### Your task
Below is a set of records; restate each one word for word.

### Recorded information

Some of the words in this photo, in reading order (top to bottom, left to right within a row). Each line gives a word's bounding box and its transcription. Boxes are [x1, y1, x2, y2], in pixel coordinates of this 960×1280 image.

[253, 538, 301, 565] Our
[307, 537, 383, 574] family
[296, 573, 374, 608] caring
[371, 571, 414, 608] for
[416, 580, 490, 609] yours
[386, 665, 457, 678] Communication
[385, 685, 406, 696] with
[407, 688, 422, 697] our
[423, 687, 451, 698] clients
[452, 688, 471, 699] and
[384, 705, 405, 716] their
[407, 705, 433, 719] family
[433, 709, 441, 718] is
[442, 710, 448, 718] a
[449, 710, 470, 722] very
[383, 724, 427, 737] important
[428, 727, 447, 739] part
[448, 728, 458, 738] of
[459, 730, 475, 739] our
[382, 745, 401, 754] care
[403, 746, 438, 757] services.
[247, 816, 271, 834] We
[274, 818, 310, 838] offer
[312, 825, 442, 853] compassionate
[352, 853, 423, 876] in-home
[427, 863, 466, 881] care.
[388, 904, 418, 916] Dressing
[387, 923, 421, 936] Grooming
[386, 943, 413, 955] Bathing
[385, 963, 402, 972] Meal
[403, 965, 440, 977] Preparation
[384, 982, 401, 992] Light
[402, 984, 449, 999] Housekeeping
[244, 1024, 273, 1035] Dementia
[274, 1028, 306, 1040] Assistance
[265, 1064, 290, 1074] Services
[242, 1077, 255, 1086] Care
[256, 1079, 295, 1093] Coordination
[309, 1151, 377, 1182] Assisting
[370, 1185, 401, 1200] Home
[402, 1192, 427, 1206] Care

### Exercise response
Some of the words in this photo, in reading order (top to bottom, left to right within a row). Each line gives a word's bounding box and its transcription. Boxes are [x1, y1, x2, y2], in pixel coordinates of this 960×1280 image.

[253, 538, 301, 565] Our
[307, 537, 383, 574] family
[296, 573, 374, 608] caring
[371, 571, 414, 608] for
[416, 580, 490, 609] yours
[386, 665, 457, 678] Communication
[385, 685, 406, 696] with
[407, 688, 422, 697] our
[423, 687, 451, 698] clients
[452, 688, 471, 699] and
[384, 705, 405, 716] their
[407, 705, 433, 719] family
[433, 709, 441, 718] is
[442, 710, 448, 718] a
[449, 710, 470, 722] very
[383, 724, 427, 737] important
[428, 727, 447, 739] part
[448, 728, 458, 738] of
[459, 730, 475, 739] our
[382, 745, 401, 754] care
[403, 746, 438, 757] services.
[247, 816, 271, 834] We
[274, 818, 310, 838] offer
[312, 825, 442, 853] compassionate
[352, 853, 423, 876] in-home
[427, 863, 466, 881] care.
[388, 904, 418, 916] Dressing
[387, 923, 421, 936] Grooming
[386, 943, 413, 955] Bathing
[385, 963, 402, 972] Meal
[403, 965, 440, 977] Preparation
[384, 982, 401, 992] Light
[402, 984, 449, 999] Housekeeping
[244, 1024, 273, 1035] Dementia
[274, 1028, 306, 1040] Assistance
[265, 1064, 290, 1074] Services
[242, 1077, 255, 1086] Care
[256, 1079, 295, 1093] Coordination
[309, 1151, 377, 1182] Assisting
[370, 1185, 401, 1200] Home
[402, 1192, 427, 1206] Care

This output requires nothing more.